Muslim Scholars Blast (Un)Islamic State’s Ideology

RNS-MUSLIM-SCHOLARS

MORE than 120 Muslim scholars from around the world joined an open letter to the “fighters and followers” of the Islamic State, denouncing them as un-Islamic by using the most Islamic of terms.

Relying heavily on the Quran, the 18-page letter picks apart the extremist ideology of the militants who have left a wake of brutal death and destruction in their bid to establish a transnational Islamic state in Iraq and Syria.

A translated 24-point summary of the letter includes the following: “It is forbidden in Islam to torture”; “It is forbidden in Islam to attribute evil acts to God”; and “It is forbidden in Islam to declare people non-Muslims until he (or she) openly declares disbelief.”

The Muslim leaders who endorsed the letter called it an unprecedented refutation of the Islamic State ideology from a collaboration of religious scholars. It is addressed to the group’s self-anointed leader, Abu Bakr Al-Baghdadi, and “the fighters and followers of the self-declared ‘Islamic State.’”

Here is the executive summary of their letter:

1. It is forbidden in Islam to issue fatwas without all the necessary learning requirements. Even then fatwas must follow Islamic legal theory as defined in the Classical texts. It is also forbidden to cite a portion of a verse from the Qur’an—or part of a verse—to derive a ruling without looking at everything that the Qur’an and Hadith teach related to that matter. In other words, there are strict subjective and objective prerequisites for fatwas, and one cannot ‘cherry-pick’ Qur’anic verses for legal arguments without considering the entire Qur’an and Hadith.

2. It is forbidden in Islam to issue legal rulings about anything without mastery of the Arabic language.

3. It is forbidden in Islam to oversimplify Shari’ah matters and ignore established Islamic sciences.

4. It is permissible in Islam [for scholars] to differ on any matter, except those fundamentals of religion that all Muslims must know.

5. It is forbidden in Islam to ignore the reality of contemporary times when deriving legal rulings.

6. It is forbidden in Islam to kill the innocent.

7. It is forbidden in Islam to kill emissaries, ambassadors, and diplomats; hence it is forbidden to kill journalists and aid workers.

8. Jihad in Islam is defensive war. It is not permissible without the right cause, the right purpose and without the right rules of conduct.

9. It is forbidden in Islam to declare people non-Muslim unless he (or she) openly declares disbelief.

10. It is forbidden in Islam to harm or mistreat—in any way—Christians or any ‘People of the Scripture’.

11. It is obligatory to consider Yazidis as People of the Scripture.

12. The re-introduction of slavery is forbidden in Islam.

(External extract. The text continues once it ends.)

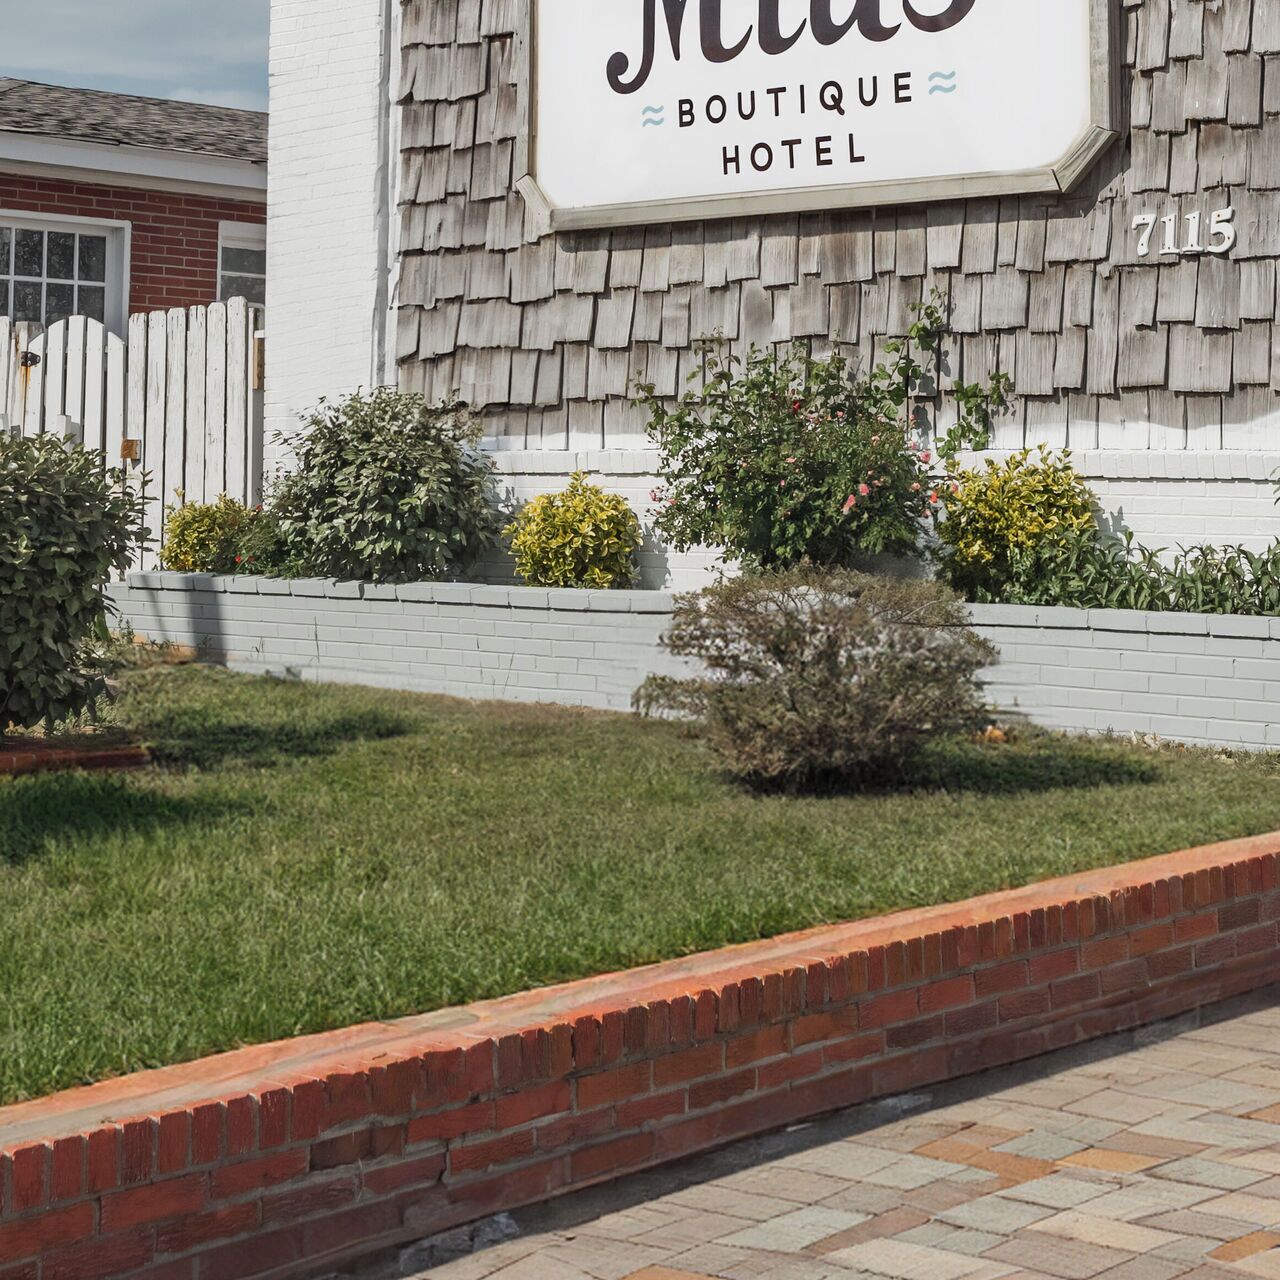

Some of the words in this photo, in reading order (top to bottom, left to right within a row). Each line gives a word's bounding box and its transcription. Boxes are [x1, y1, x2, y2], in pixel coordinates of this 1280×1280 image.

[677, 71, 913, 128] BOUTIQUE
[721, 133, 866, 175] HOTEL
[1131, 206, 1238, 257] 7115

It was abolished by universal consensus.

13. It is forbidden in Islam to force people to convert.

14. It is forbidden in Islam to deny women their rights.

15. It is forbidden in Islam to deny children their rights.

16. It is forbidden in Islam to enact legal punishments (hudud) without following the correct
procedures that ensure justice and mercy.

17. It is forbidden in Islam to torture people.

18. It is forbidden in Islam to disfigure the dead.

19. It is forbidden in Islam to attribute evil acts to God.

20. It is forbidden in Islam to destroy the graves and shrines of Prophets and Companions.

21. Armed insurrection is forbidden in Islam for any reason other than clear disbelief by the ruler and not allowing people to pray.

22. It is forbidden in Islam to declare a caliphate without consensus from all Muslims.

23. Loyalty to one’s nation is permissible in Islam.

24. After the death of the Prophet, Islam does not require anyone to emigrate anywhere.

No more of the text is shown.